Racial preferences strike many people as wrong, but there is a certain level of discomfort with a demographically unrepresentative student body as well. Since we must have one or the other, schools have adopted a muddled, dishonest policy on race that leaves no one satisfied. 
The impasse is to some degree an inevitability born of our history, as the legacy of slavery and Jim Crow affects white-black relations to this day. The school admissions mess has been exacerbated, however, by our country’s more recent choice to accept large scale, low-skilled immigration. As with all immigration, the low-skilled variety comes with both costs and benefits to the United States. What is underappreciated, however, is the persistence of some of those costs across generations. When the children and grandchildren of low-skilled immigrants do not rise to the same socioeconomic level as natives, they add to the number of underrepresented groups. The newer groups lodge familiar requests for representation and generate familiar quandaries for elite schools. Put bluntly, affirmative action in college admissions is no longer just about black Americans, and low-skilled immigration is the main reason for it.
Read the whole thing at this link.

Wednesday, October 17, 2018

Kavanaugh coda

I wrote three NR pieces on Brett Kavanaugh after he was nominated. The first criticized prediction models purporting to locate his ideological position among the sitting justices. The second congratulated him for his inspired defense against accusations of sexual misconduct. The third noted that he would help determine the crucial "median justice" in the event that a conservative replaces Ruth Bader Ginsburg.

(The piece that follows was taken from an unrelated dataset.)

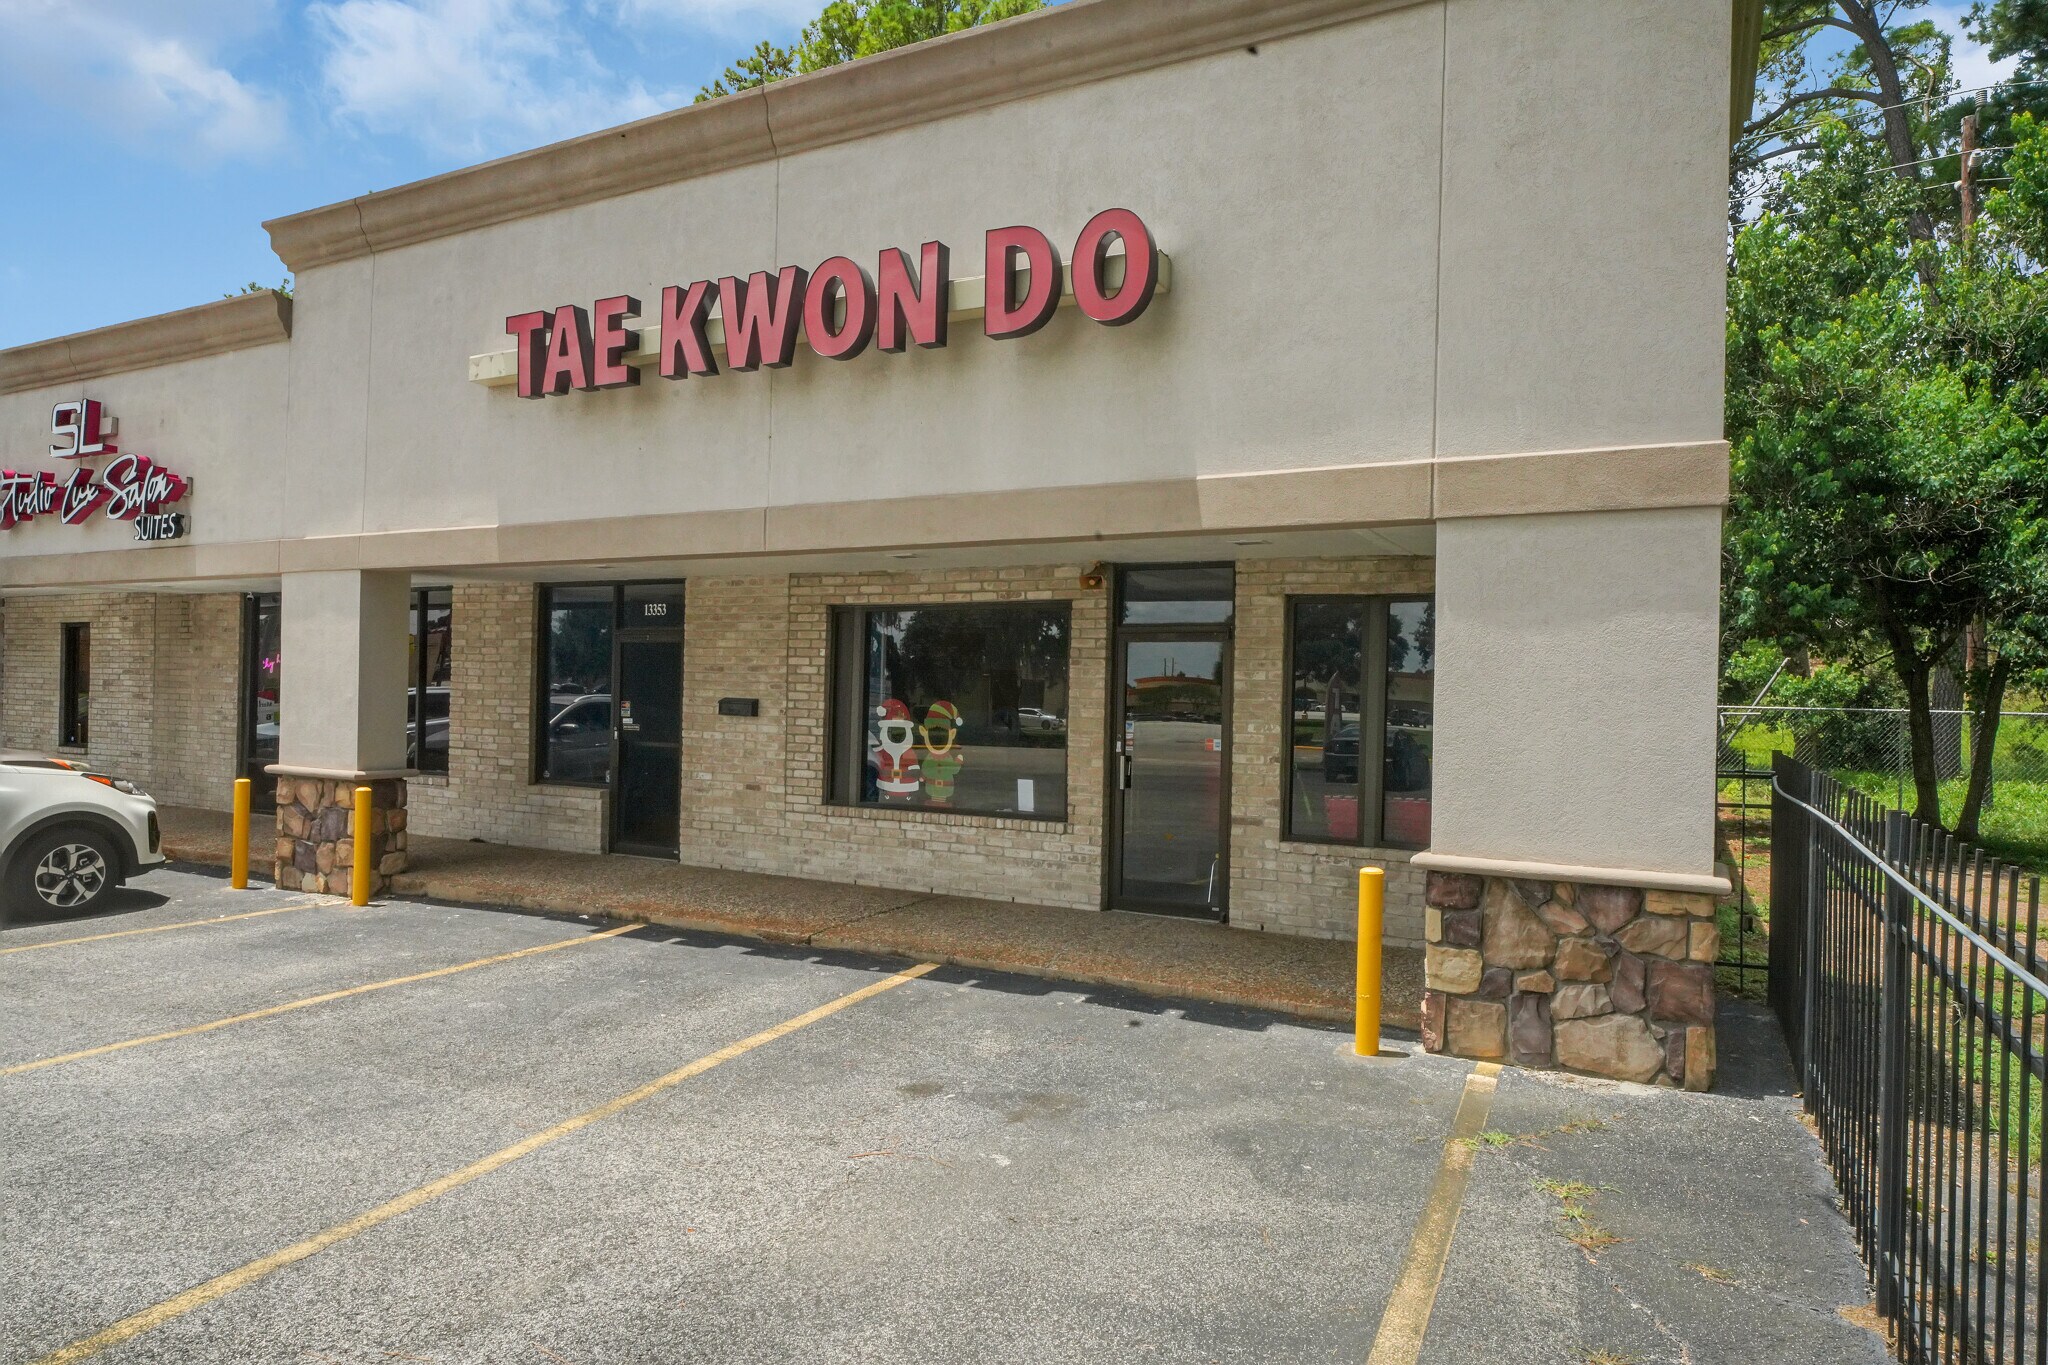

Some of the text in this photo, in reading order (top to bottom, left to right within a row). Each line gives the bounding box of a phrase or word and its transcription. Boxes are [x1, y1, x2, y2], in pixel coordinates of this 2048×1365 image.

Here I explain that the sexual assault allegation leveled by Christine Ford against Brett Kavanaugh is almost certainly not true.

First, a word about bias. It's no secret that I want to see more originalists on the Supreme Court, and Kavanaugh's rejection might have been a blow to that goal. But the people who examine evidence are bound to be less biased than the people who make subjective character judgments. Most of Ford's supporter's did the latter. She seemed sincere, they said, and credible. But if we're just looking at a person's body language or tone or general affect, then we'll see what we want to see. Supporters will see credibility, opponents will see deception. By contrast, facts and evidence are objective. Taking them seriously should reduce our bias. So let's do that.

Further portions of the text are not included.